BMJ 2012; 345 doi: (Published 17 December 2012) Cite this as: BMJ 2012;345:e8537
  1. Zosia Kmietowicz
  1. 1BMJ

MPs have released details of the inquiry they are to hold early next year into clinical trials and the disclosure of data.

The Science and Technology Committee said that several events have sparked the need for the inquiry, including the publication of the book Bad Pharma by Ben Goldacre, which highlighted the fact that drug companies can choose which clinical trials of new drugs they publish, skewing the evidence base for the effectiveness and effects of their products.

Other events that prompted the inquiry were the establishment in December 2011 of the Health Research Authority to protect and promote the interests of patients and the public in health research and proposals earlier this year by the European Commission to revise its clinical trials directive.1 2

Stephen Dorrell, chairman of the House of Commons Health Committee, announced last month at the NHS Alliance’s conference in Bournemouth that MPs would examine the issue of sharing of clinical trial data.3

The committee is seeking written submission of up to 3000 words on several questions:

  • Do the European Commission’s proposed revisions to the clinical trials directive tackle the main barriers to conducting clinical trials in the United Kingdom and European Union?

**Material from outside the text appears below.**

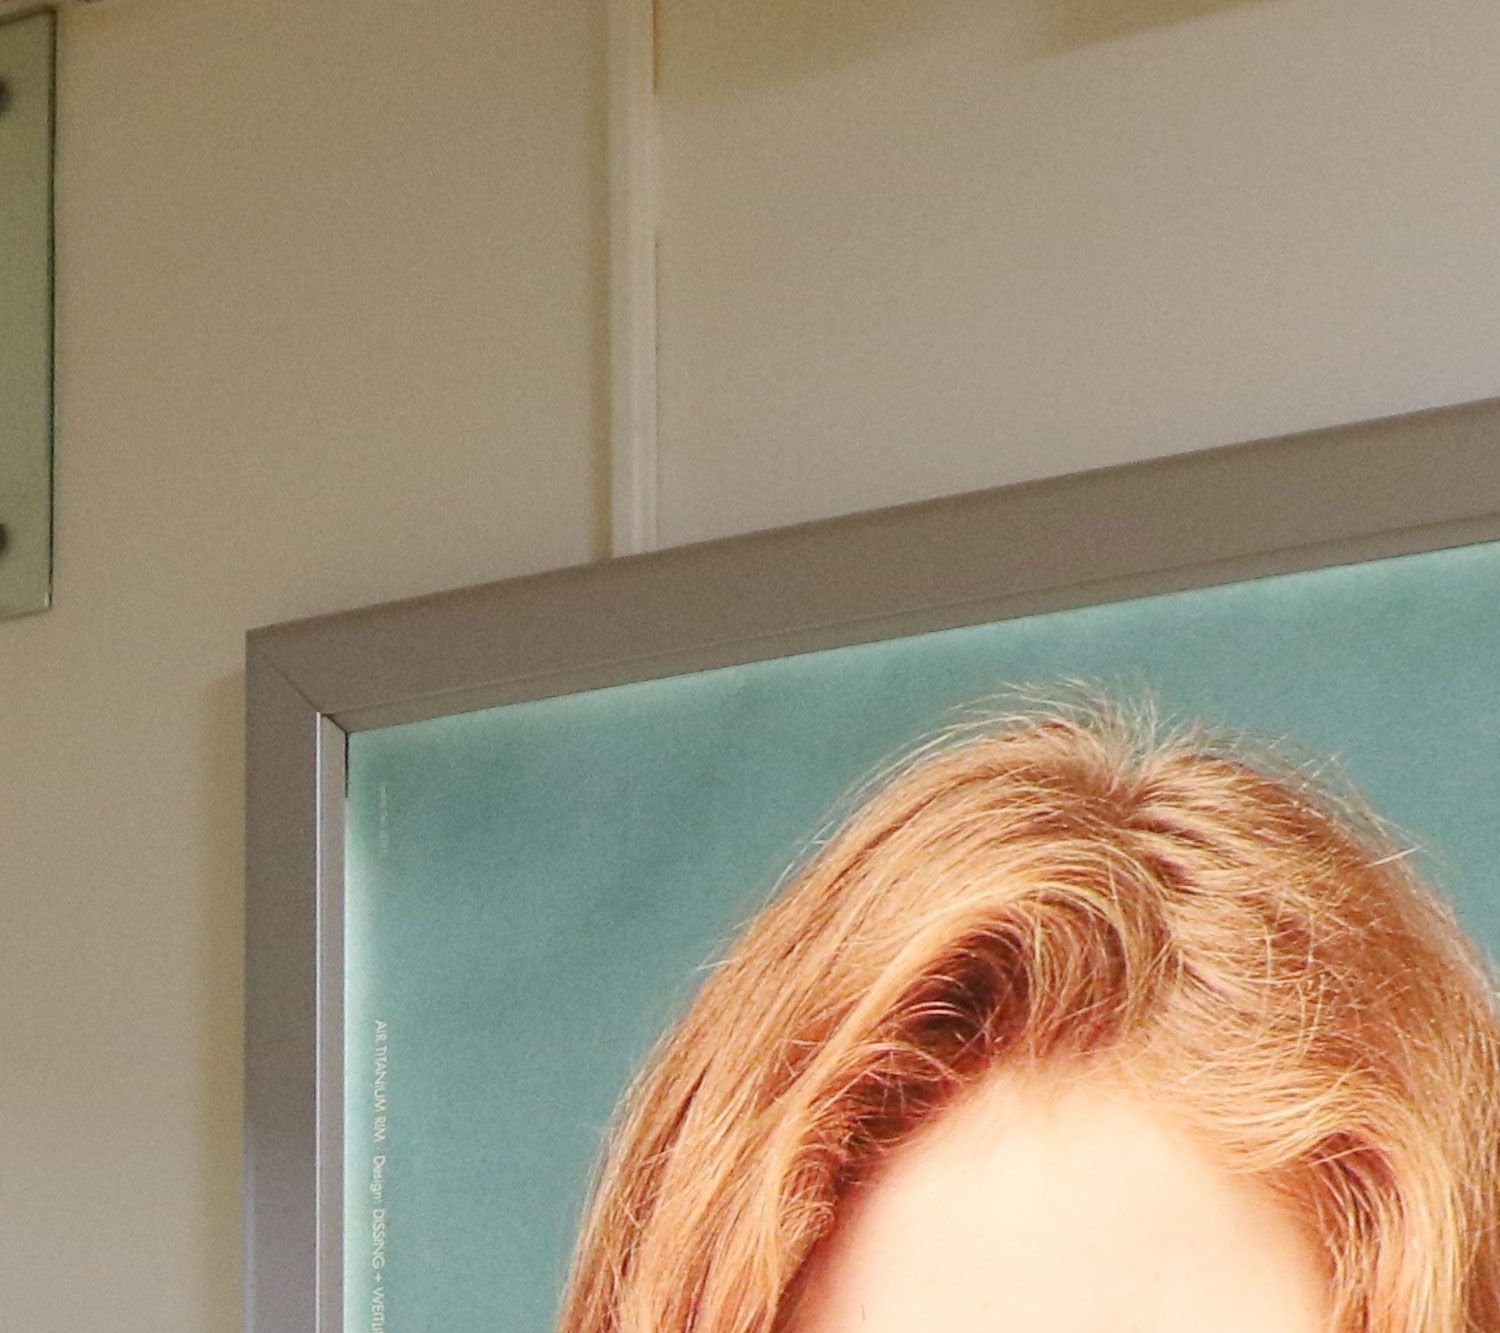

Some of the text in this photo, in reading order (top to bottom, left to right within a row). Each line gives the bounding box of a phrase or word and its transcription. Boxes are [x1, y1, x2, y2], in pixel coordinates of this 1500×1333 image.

[374, 1020, 388, 1042] AIR
[373, 1045, 388, 1113] TITANIUM
[373, 1117, 387, 1143] RIM
[372, 1208, 386, 1269] DISSING

  • What is the role of the Health Research Authority in relation to clinical trials, and how effective has it been to date?

  • What evidence is there that drug companies withhold data from clinical trials and what impact does this have on public health?

  • How could the occurrence and results of clinical trials be made more open to scrutiny? Who should be responsible?

  • Can lessons about transparency and disclosure of clinical data be learnt from other countries?


Cite this as: BMJ 2012;345:e8537


  • Submissions should be emailed to scitechcom{at} by noon on Friday 22 February 2013 and marked “Clinical Trials.”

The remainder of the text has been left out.